The prospective cohort study was approved by the Institutional Review Board of the University of Rochester. Asymptomatic patients who were scheduled to undergo genetic amniocentesis from January 2003 through December 2007 were offered study enrollment before their procedures, and written consent was obtained. Amniocentesis was performed in the standard fashion by the sterile technique. At the time of the amniocentesis, the first 1-2 mL of amniotic fluid, which normally is discarded, were used for assays of IL-6, vitamin C, TNF-α, TNF receptors I and II, and total antioxidant capacity; amniotic fluid alpha-fetoprotein was determined to be part of standard clinical care. Patients with multiple gestations, chromosomal abnormalities, and fetal anomalies that would affect amniotic fluid alpha-fetoprotein levels (open neural tube defects or ventral wall defects) were excluded. Patients with bloody amniotic fluid samples were also excluded because this has been shown to elevate IL-6 levels markedly. Pregnancy outcome data that were collected from office and hospital records included gestational age at delivery, pregnancy complications, birthweight, and indications for delivery. SPTB was defined as delivery at <37 weeks’ gestation because of preterm labor or PPROM. Patients who delivered at term were included in the control group. All other patients, including those who delivered preterm because of preeclampsia, abruption, abnormal fetal testing, and other maternal or fetal complications were excluded from the current analysis.

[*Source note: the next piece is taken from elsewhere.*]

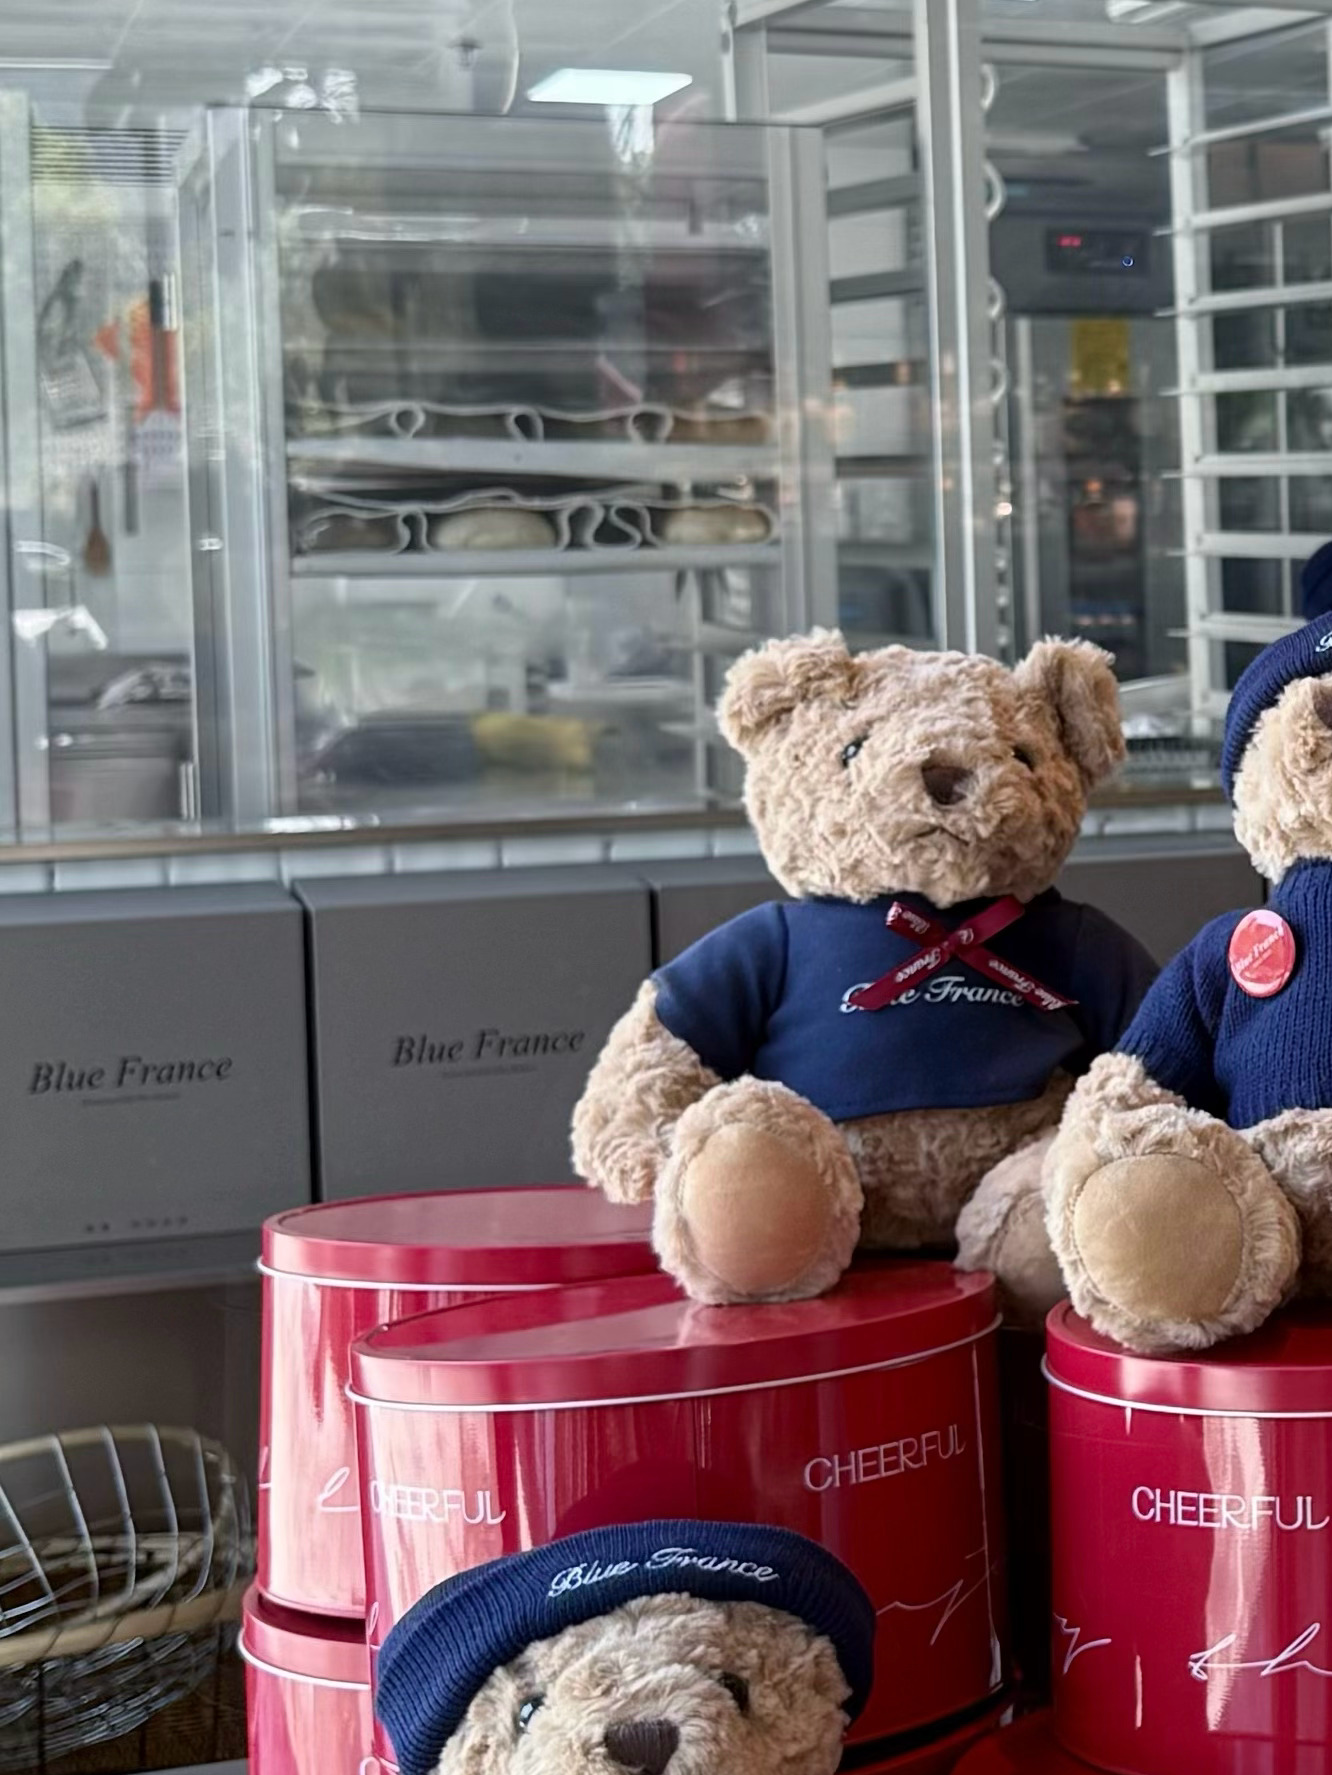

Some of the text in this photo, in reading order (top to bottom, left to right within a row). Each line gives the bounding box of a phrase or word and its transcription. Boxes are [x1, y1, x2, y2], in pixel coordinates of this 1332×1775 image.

Samples for amniotic fluid alpha-fetoprotein were sent to the clinical laboratory of the University of Rochester, and alpha-fetoprotein concentration was determined with the use of Access 2 Immunoassay Systems (Beckman Coulter, Inc, Fullerton, CA). The study amniotic fluid samples for all other assays were centrifuged and divided into 250-μL aliquots. Fluid samples for vitamin C analysis were diluted 1:1 with metaphosphoric acid for stabilization. All samples were frozen continuously at –80°C before batched analysis. Amniotic fluid samples for TNF-α, TNF receptors, and IL-6 analysis were diluted 1:4, 1:100, and 1:2, respectively, in DuoSet assay diluent (1% bovine serum albumin in phosphate buffered saline, pH 7.2-7.4; R&D Systems, Minneapolis, MD) before assay.
Vitamin C concentrations in the amniotic fluid were determined spectrophotometrically by the 2,4-dinitrophenylhydrazine method. Ascorbic acid was converted to dehydroascorbic acid in the presence of thiourea and copper sulfate. Dehydroascorbic acid was then coupled with 2,4-dinitrophenylhydrazine in 9.0 mol/L sulfuric acid to form a bis-2,4-dinitrophenylhydrazine derivative. When treated with 65% sulfuric acid, this derivative yields a stable brownish-red color that was measured with a spectrophotometer at 520 nm.

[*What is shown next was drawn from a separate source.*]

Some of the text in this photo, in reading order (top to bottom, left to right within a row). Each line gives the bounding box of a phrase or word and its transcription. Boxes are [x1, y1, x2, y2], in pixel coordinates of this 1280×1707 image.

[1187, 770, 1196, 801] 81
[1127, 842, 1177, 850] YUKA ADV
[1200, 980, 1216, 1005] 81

Amniotic fluid TNF-α, TNF receptors, and IL-6 levels were determined by enzyme-linked immunoabsorbent assay using DuoSet ELISA Development Reagents from R&D Systems. Samples were assayed in duplicate according to the commercial protocol with recombinant human TNF-α, TNF receptors I and II, and IL-6 standards. Tests of IL-6 standard recovery from amniotic fluid samples were also performed. Elevated IL-6 level was defined as levels >600 pg/mL because previous studies have shown an increased risk of adverse pregnancy outcome at these levels, with a sensitivity of 42% and a specificity of 92%.
Total antioxidant capacity of the amniotic fluid samples was measured with Cayman Chemical Antioxidant Assay Kits (Cayman Chemical, Ann Arbor, MI) in samples diluted 1:20 in assay buffer (0.9% sodium chloride, 0.01% glucose, and 5 mmol/L potassium phosphate; pH 7.4). The assay relies on the ability of antioxidants in the sample to inhibit the oxidation of ABTS (2,2’-azino-di-[3-ethylbenzthiazoline sulphonate]) by metmyoglobin. The capacity of the antioxidants in the sample to prevent ABTS oxidation was compared with standard concentrations of trolox, a water-soluble tocopherol analogue, and was quantified as molar trolox equivalents.
Results of these analyses were not provided to patients or providers. Results were compared with the use of medians and the Mann-Whitney U test for nonparametric data, χ 2 and Fisher’s exact testing for categoric variables, and 2-sided t tests that assumed unequal variances for normally distributed data. Logistic regression was used to assess possible interactions. Because of variations in amniotic fluid alpha-fetoprotein and vitamin C by gestational age, both were analyzed as multiples of the median.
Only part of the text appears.